Stored data:
=-=-=-=-=
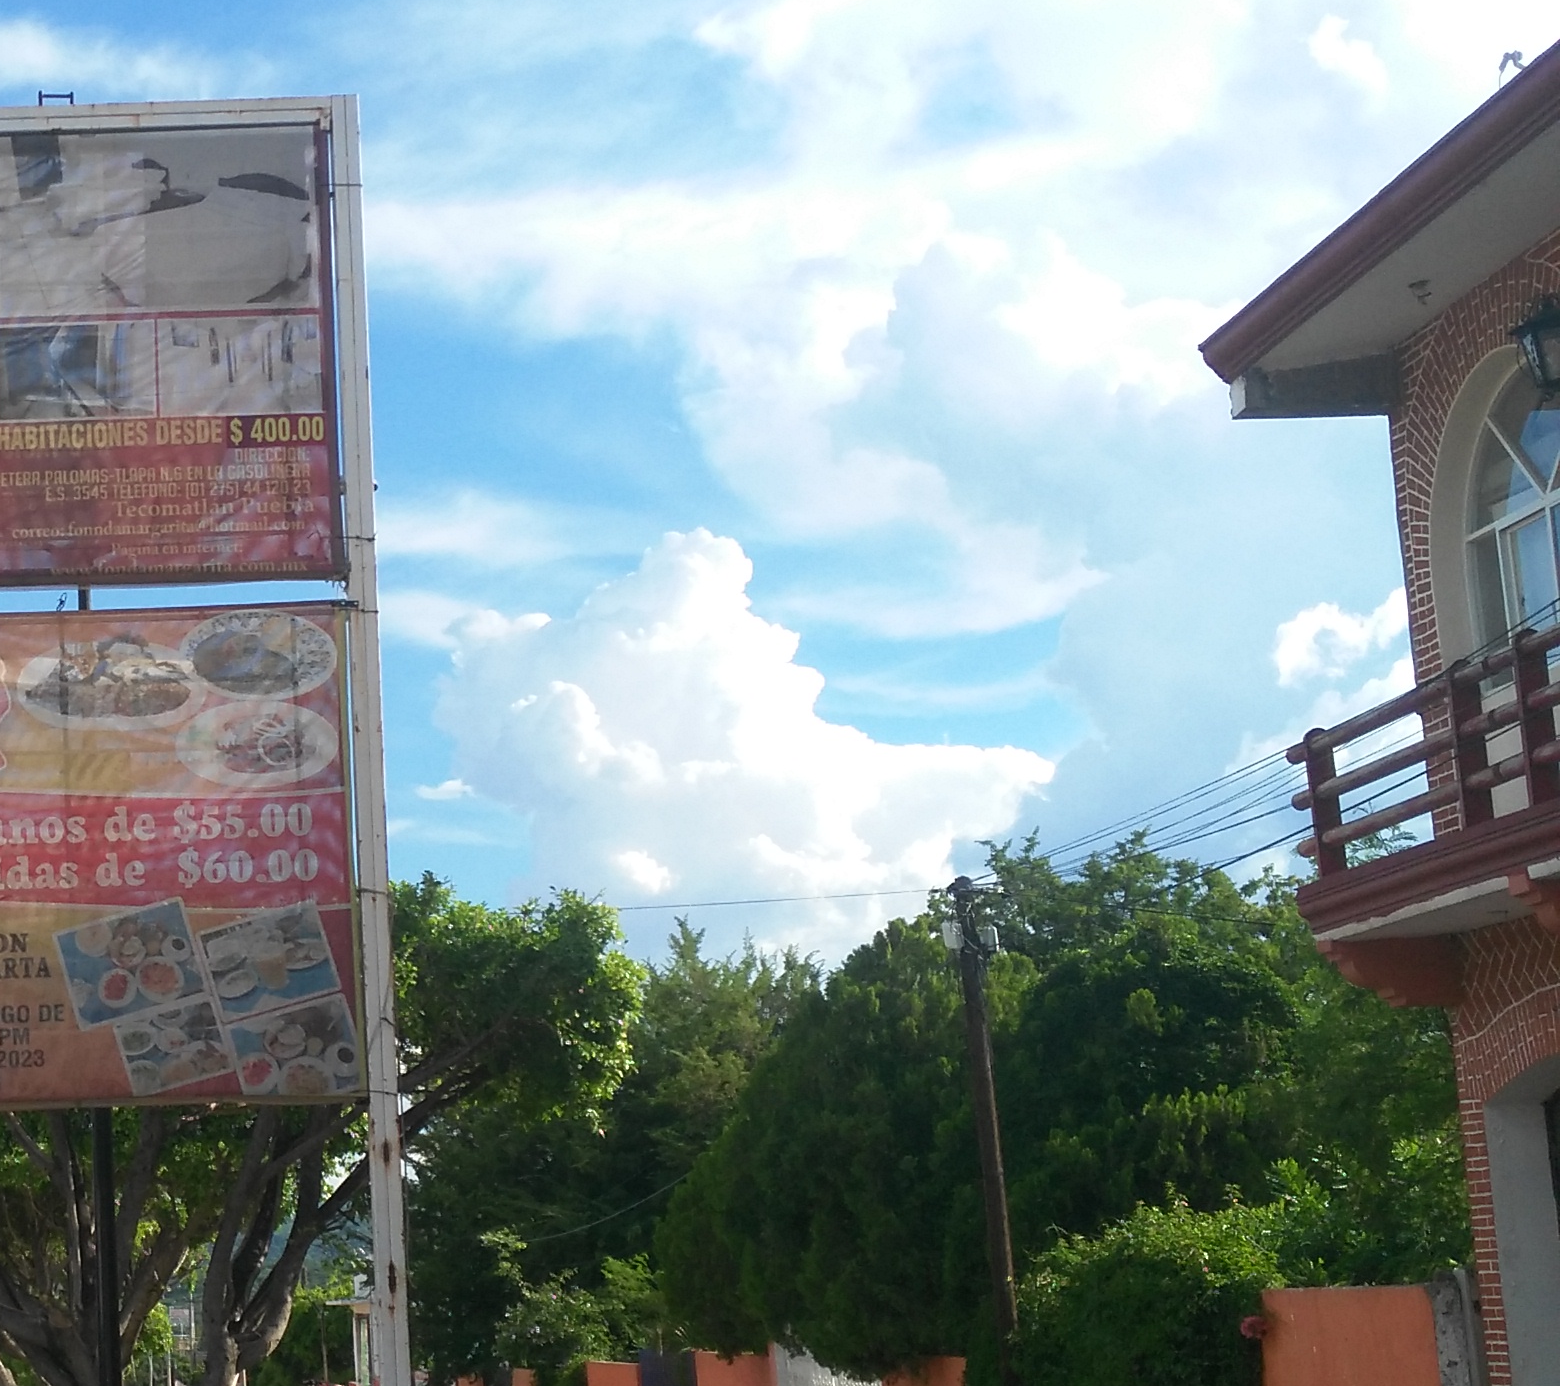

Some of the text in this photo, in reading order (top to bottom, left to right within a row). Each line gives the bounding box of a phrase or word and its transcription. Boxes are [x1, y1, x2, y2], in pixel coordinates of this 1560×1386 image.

[155, 418, 223, 445] DESDE
[229, 417, 243, 446] $
[250, 416, 325, 443] 400.00
[44, 466, 156, 486] PALOMAS-TLAPA
[187, 465, 204, 481] EN
[207, 464, 223, 480] LA
[227, 462, 311, 480] GASOLINERA
[45, 486, 68, 502] E.S.
[73, 485, 108, 500] 3545
[113, 482, 182, 499] TELEFONO:
[243, 481, 260, 494] 44
[265, 480, 289, 495] 120
[294, 479, 311, 494] 23
[241, 496, 314, 514] Puebla
[162, 544, 180, 555] en
[104, 806, 156, 842] de
[174, 801, 312, 843] $55.00
[95, 852, 146, 887] de
[178, 846, 319, 888] $60.00
[39, 1003, 65, 1023] DE
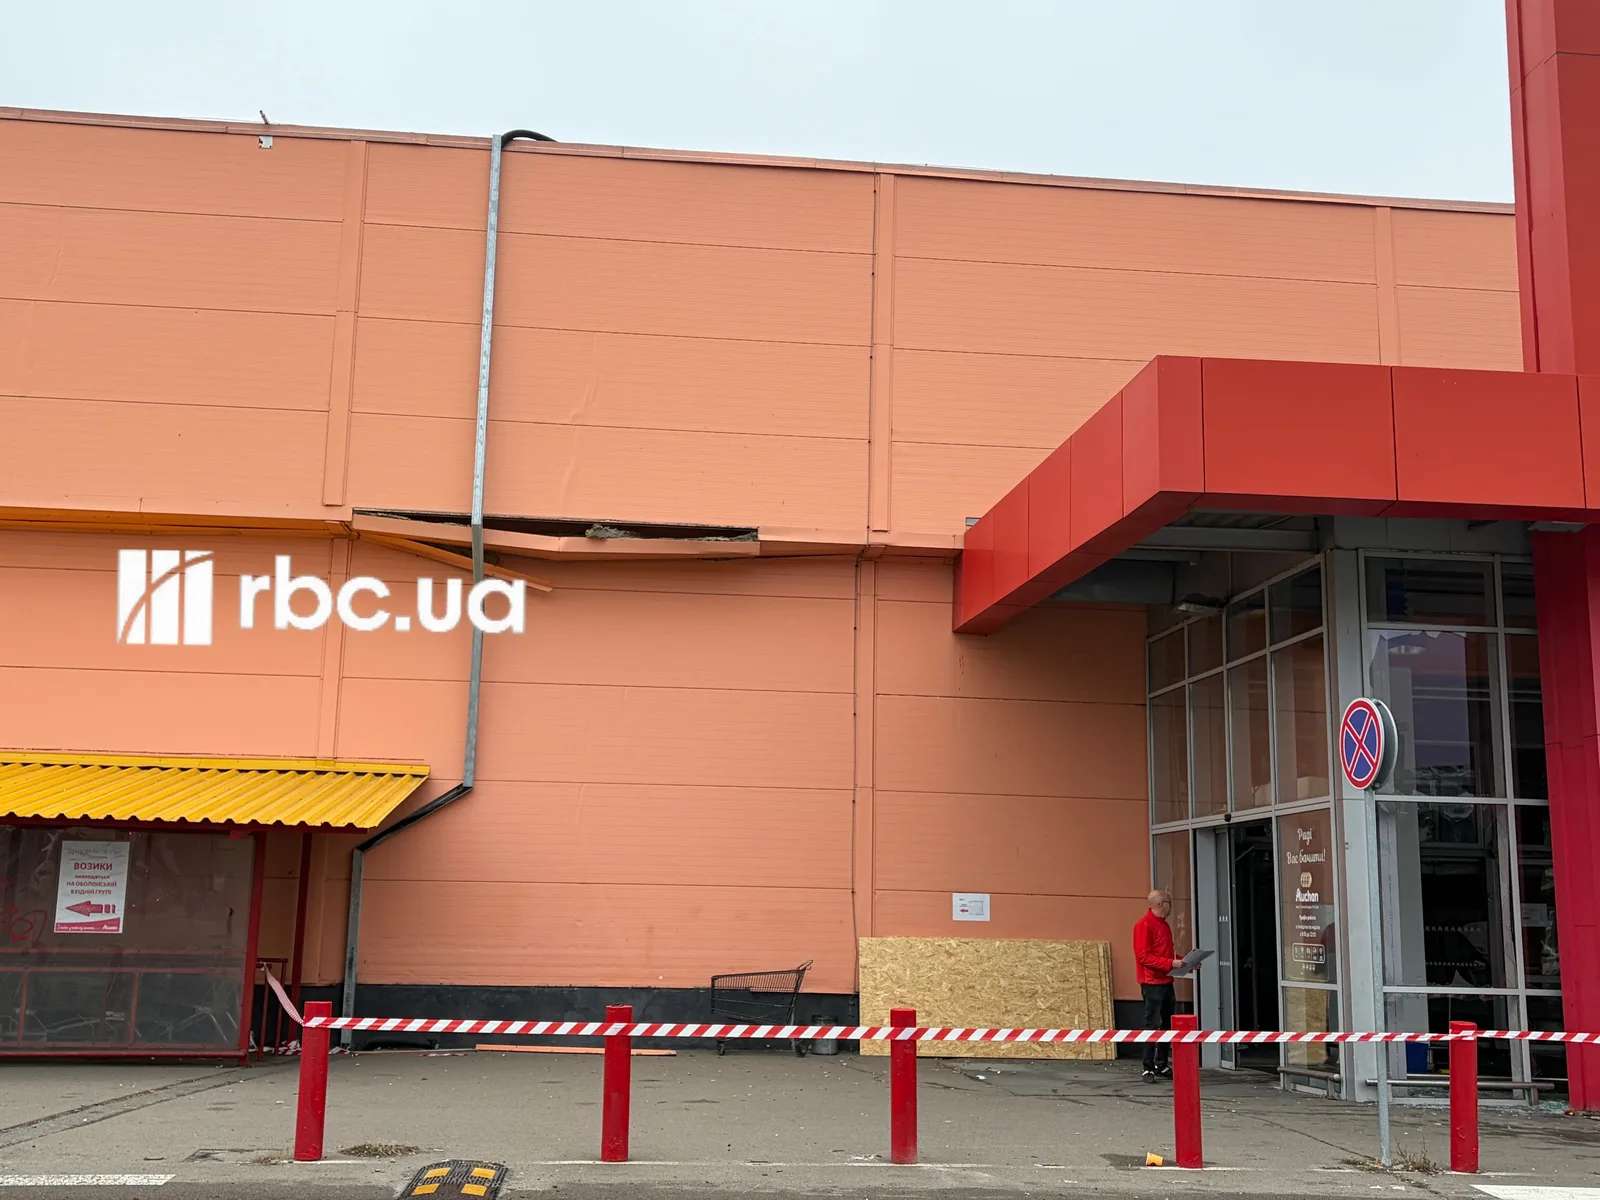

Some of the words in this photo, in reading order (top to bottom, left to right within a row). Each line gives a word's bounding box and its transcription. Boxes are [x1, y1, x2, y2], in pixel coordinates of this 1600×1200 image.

[1285, 851, 1299, 865] Вас
[73, 862, 113, 871] ВОЗИКИ
[1295, 887, 1319, 903] Auchan
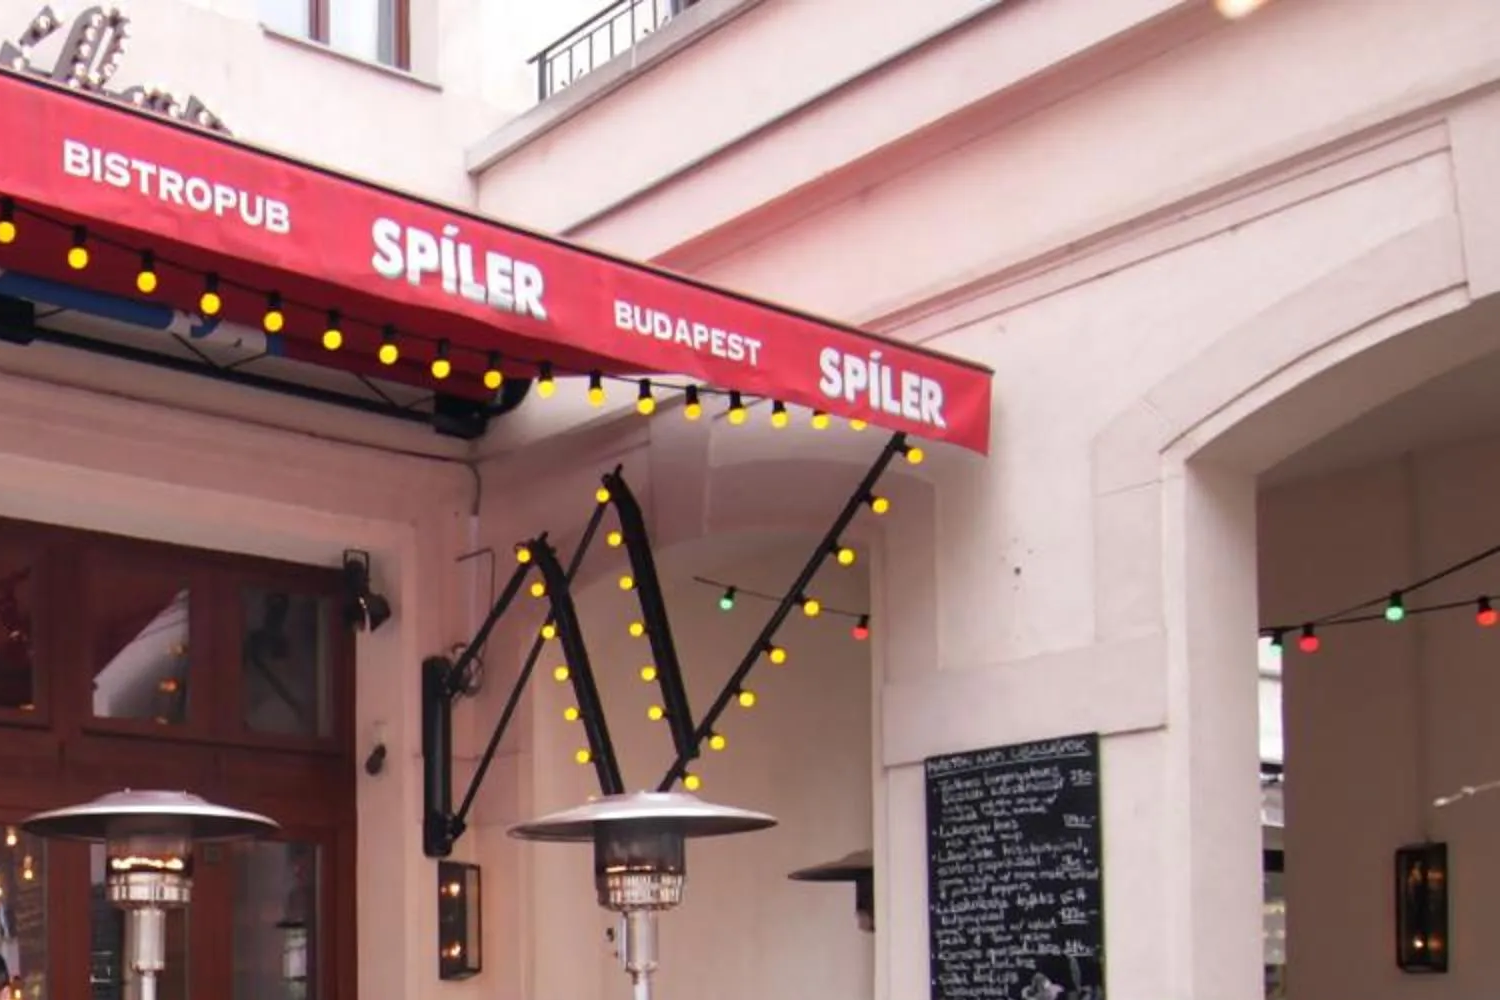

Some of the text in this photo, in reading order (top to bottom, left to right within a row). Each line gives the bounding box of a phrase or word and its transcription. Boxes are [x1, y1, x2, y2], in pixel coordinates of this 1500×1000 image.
=-=-=-=-=
Task brief:
An exact copy of the entries above, with no pictures, is the required answer.

Reply:
Some of the text in this photo, in reading order (top to bottom, left to right within a row). Each line gives the bounding box of a phrase or word and its transcription. Boxes are [x1, y1, x2, y2], in pixel coordinates of this 1560×1386 image.

[155, 418, 223, 445] DESDE
[229, 417, 243, 446] $
[250, 416, 325, 443] 400.00
[44, 466, 156, 486] PALOMAS-TLAPA
[187, 465, 204, 481] EN
[207, 464, 223, 480] LA
[227, 462, 311, 480] GASOLINERA
[45, 486, 68, 502] E.S.
[73, 485, 108, 500] 3545
[113, 482, 182, 499] TELEFONO:
[243, 481, 260, 494] 44
[265, 480, 289, 495] 120
[294, 479, 311, 494] 23
[241, 496, 314, 514] Puebla
[162, 544, 180, 555] en
[104, 806, 156, 842] de
[174, 801, 312, 843] $55.00
[95, 852, 146, 887] de
[178, 846, 319, 888] $60.00
[39, 1003, 65, 1023] DE

Some of the words in this photo, in reading order (top to bottom, left to right within a row). Each line gives a word's bounding box and its transcription. Boxes are [x1, y1, x2, y2], in pixel coordinates of this 1600×1200 image.

[1285, 851, 1299, 865] Вас
[73, 862, 113, 871] ВОЗИКИ
[1295, 887, 1319, 903] Auchan

Some of the text in this photo, in reading order (top to bottom, left to right within a row). Each line gives the bounding box of a phrase or word and its transcription. Boxes are [x1, y1, x2, y2], in pixel coordinates of this 1500×1000 image.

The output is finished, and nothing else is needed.